Stimmt es, dass Sie der Steiermark den Rücken gekehrt und Ihren Hauptwohnsitz an den Wörthersee verlegt haben?

Thomas Muster: Nein, mein Wohnsitz ist nach wie vor Leibnitz. Aufgrund der schulischen Situation geht unsere Tochter jetzt aber in Kärnten in eine internationale Volksschule – daher sind wir unter der Woche in Kärnten. Eine andere Variante wäre gewesen, ganz nach Australien zu gehen. Aber es war eine Familienentscheidung, in Österreich zu bleiben.

Sie sind diese Woche in Wien als Turnierdirektor des Tie Break Tens, als Turnierbotschafter und mit ihrem „Tom Talks“ im Einsatz. Sind das die einzigen Aktivitäten, die Sie derzeit mit dem Tennissport verbinden?

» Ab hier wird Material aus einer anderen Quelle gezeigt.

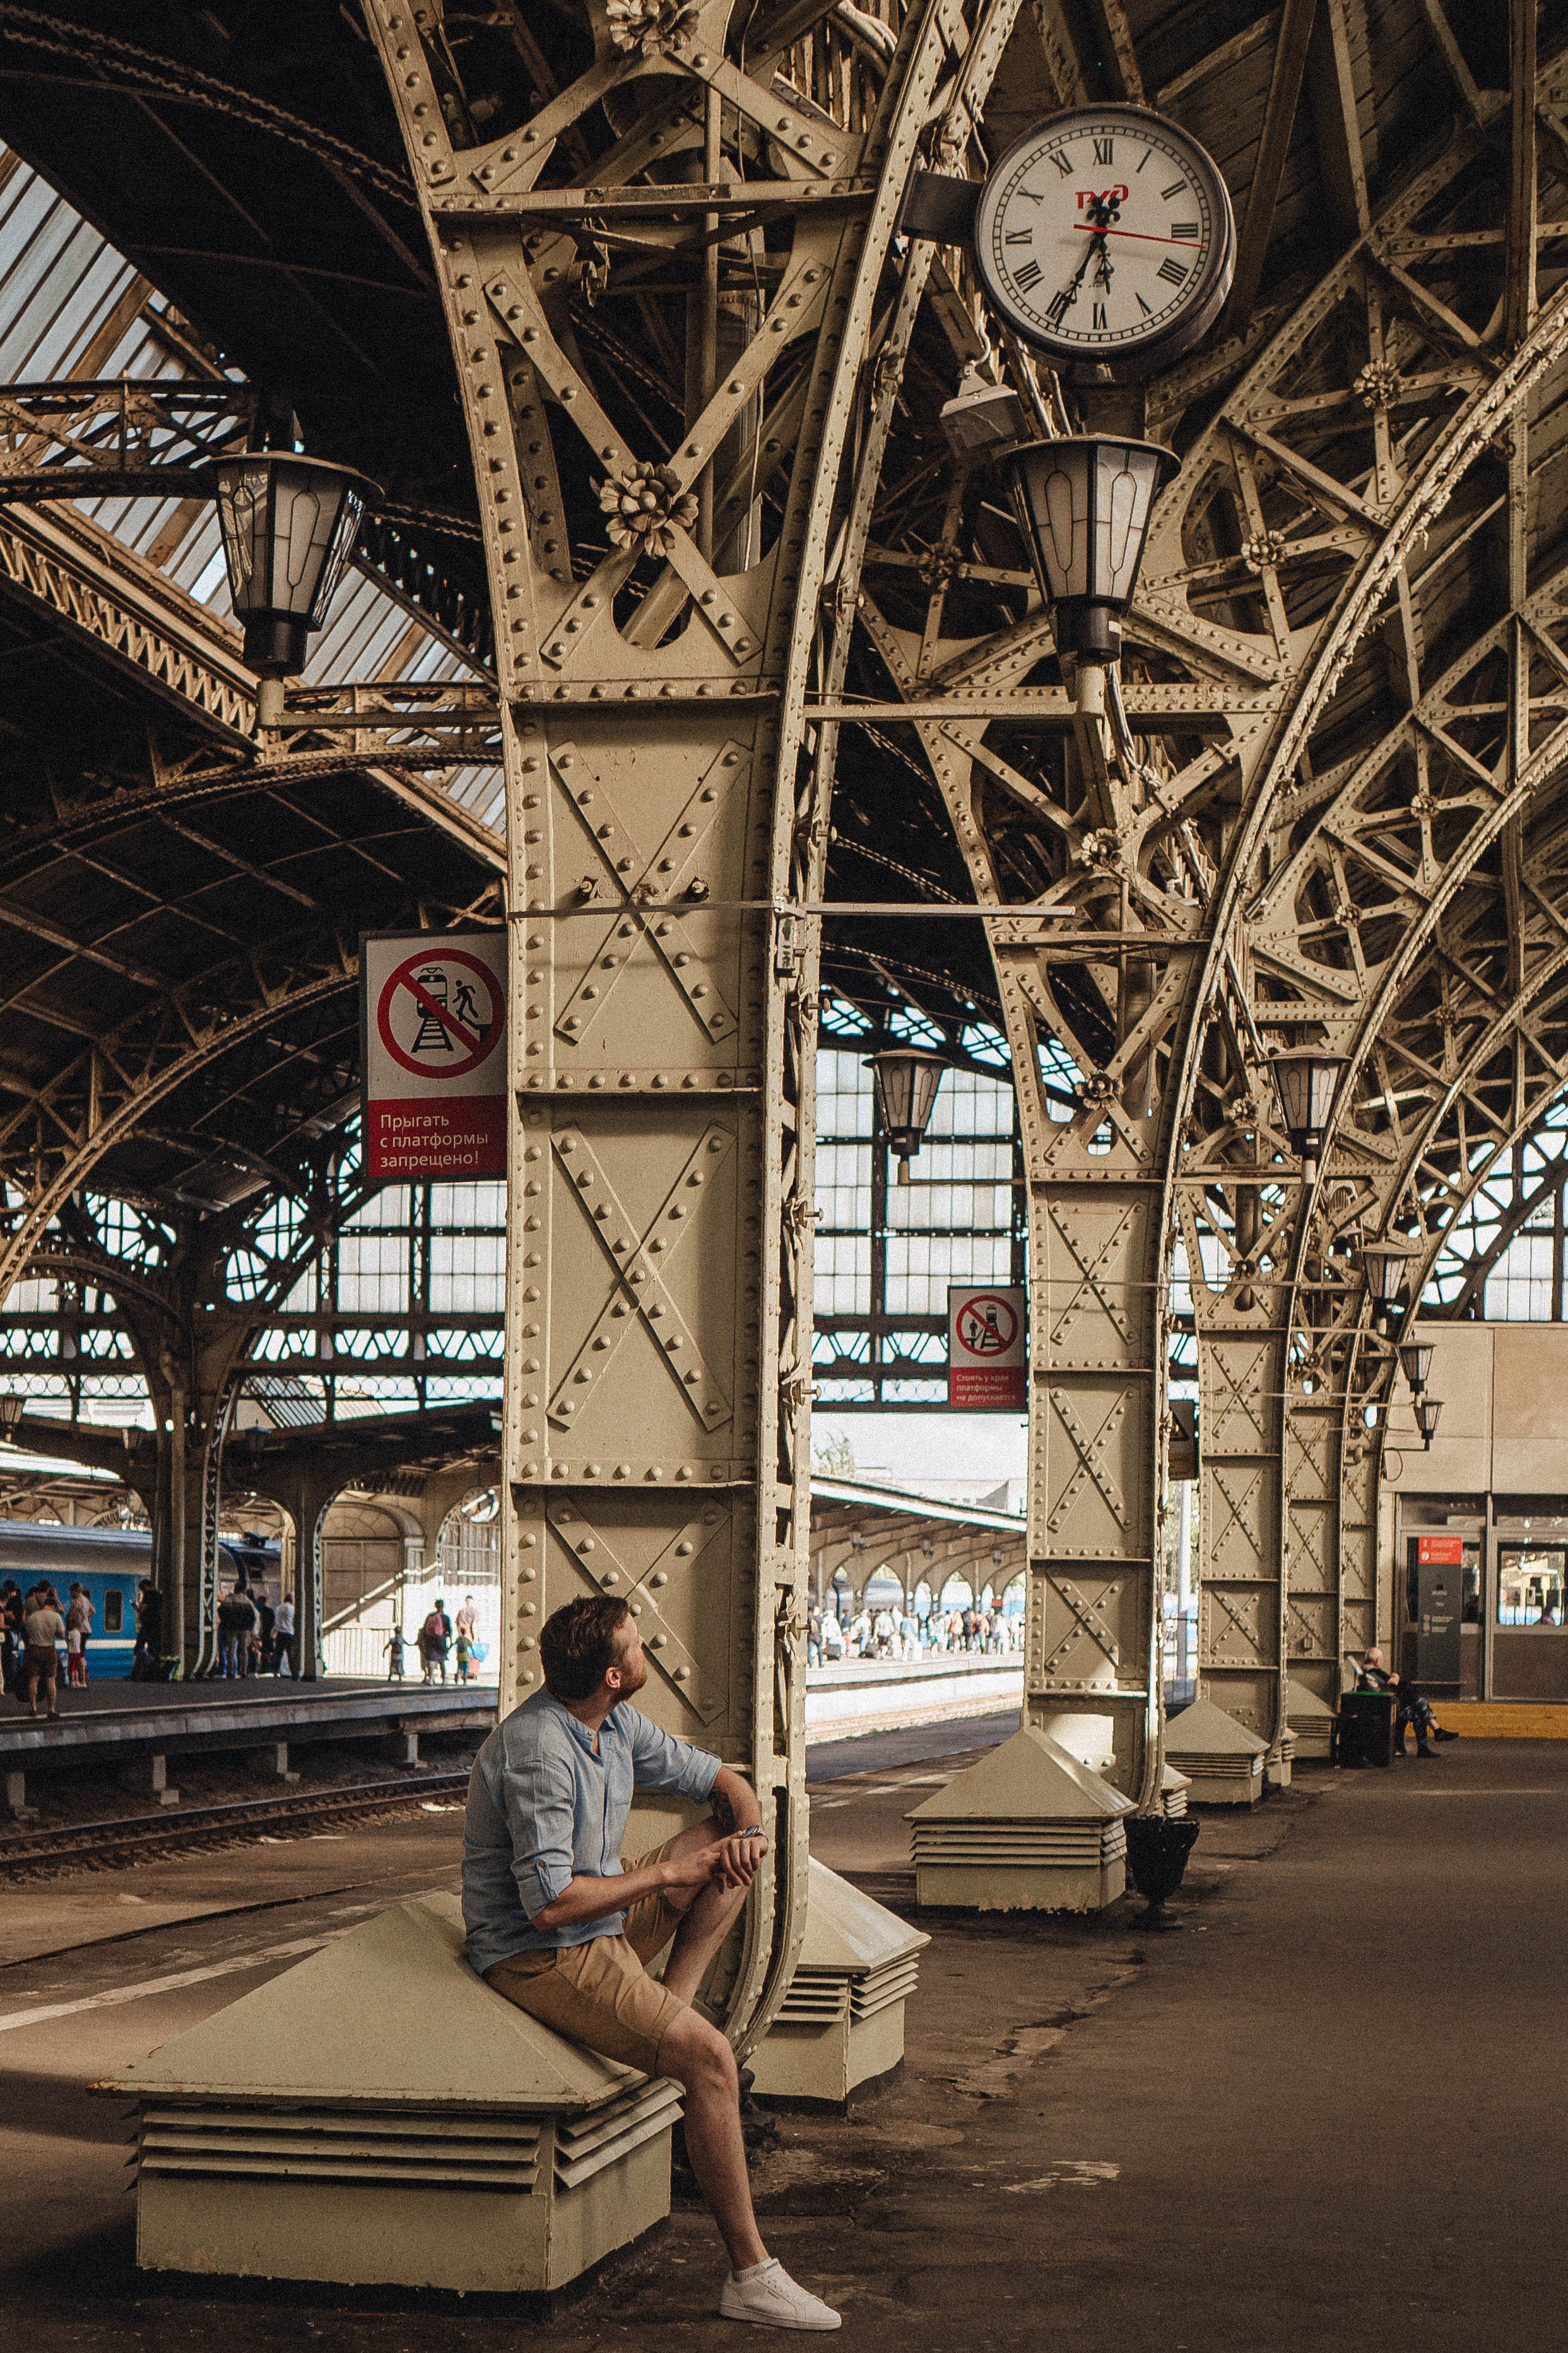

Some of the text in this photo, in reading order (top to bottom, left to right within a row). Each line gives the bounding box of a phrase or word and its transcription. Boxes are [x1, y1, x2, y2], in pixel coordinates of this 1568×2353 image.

[1093, 138, 1113, 165] XII
[1049, 149, 1074, 179] XI
[1017, 186, 1044, 206] X
[1171, 223, 1199, 239] III
[1135, 292, 1153, 317] V
[1092, 303, 1108, 329] VI
[381, 1115, 449, 1132] Прыгать
[380, 1132, 488, 1149] с платформы
[380, 1151, 478, 1170] запрещено!

Muster: Das Turnier läuft ja quasi das ganze Jahr, wo wir Ideen besprechen und Sponsorentermine haben. Außerdem habe ich in Stockholm Champions Tour gespielt, in zwei Wochen bin ich in Bari dabei. Es sind immer wieder Events, wo es kurzfristig Anfragen gibt. Die Champions Tour ist aber nicht der Hauptact in meinem Leben.

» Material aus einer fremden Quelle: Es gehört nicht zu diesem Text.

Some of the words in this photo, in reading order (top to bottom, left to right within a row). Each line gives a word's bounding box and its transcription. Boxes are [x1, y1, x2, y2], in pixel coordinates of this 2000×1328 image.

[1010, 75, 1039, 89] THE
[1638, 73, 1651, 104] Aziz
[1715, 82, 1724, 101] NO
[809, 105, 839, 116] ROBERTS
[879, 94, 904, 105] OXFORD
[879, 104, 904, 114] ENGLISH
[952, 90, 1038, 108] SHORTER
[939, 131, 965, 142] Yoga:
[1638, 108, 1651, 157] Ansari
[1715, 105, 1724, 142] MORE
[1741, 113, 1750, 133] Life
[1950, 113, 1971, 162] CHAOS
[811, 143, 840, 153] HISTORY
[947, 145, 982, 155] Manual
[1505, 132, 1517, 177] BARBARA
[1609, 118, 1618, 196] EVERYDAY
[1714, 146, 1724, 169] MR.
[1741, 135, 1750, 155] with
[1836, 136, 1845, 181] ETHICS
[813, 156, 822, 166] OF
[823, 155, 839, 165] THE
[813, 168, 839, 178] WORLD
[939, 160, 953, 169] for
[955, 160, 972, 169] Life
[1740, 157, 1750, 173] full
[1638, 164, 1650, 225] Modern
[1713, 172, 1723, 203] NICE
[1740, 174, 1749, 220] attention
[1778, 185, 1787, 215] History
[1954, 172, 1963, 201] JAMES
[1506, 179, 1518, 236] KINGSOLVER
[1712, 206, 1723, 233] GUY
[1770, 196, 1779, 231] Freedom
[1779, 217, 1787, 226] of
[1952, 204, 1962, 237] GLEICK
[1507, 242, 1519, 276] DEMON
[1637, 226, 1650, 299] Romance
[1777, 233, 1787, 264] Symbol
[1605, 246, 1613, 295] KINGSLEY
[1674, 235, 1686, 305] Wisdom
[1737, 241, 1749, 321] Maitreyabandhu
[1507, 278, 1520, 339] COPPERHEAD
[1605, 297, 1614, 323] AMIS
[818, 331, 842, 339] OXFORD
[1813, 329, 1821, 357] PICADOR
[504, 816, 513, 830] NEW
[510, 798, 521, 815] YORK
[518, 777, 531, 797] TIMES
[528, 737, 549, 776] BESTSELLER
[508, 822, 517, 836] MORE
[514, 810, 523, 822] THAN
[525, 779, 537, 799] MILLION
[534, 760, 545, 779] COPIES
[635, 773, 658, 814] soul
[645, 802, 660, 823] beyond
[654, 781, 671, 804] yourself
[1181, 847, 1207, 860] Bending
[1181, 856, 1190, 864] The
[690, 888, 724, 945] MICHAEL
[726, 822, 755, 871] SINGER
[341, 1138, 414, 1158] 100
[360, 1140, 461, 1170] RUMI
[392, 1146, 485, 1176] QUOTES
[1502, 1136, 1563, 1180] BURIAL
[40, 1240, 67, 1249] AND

Sie wirken auf alle Fälle fit!

Muster: Sagen wir so – es war schon einmal schlechter, aber es war auch schon besser.

In Wien gab es erstmals ein „Tie Break Tens“. Die ATP ist stets auf der Suche nach Verbesserungen der Formate und Regeln. Sind Sie für Erneuerungen und haben Sie Vorschläge?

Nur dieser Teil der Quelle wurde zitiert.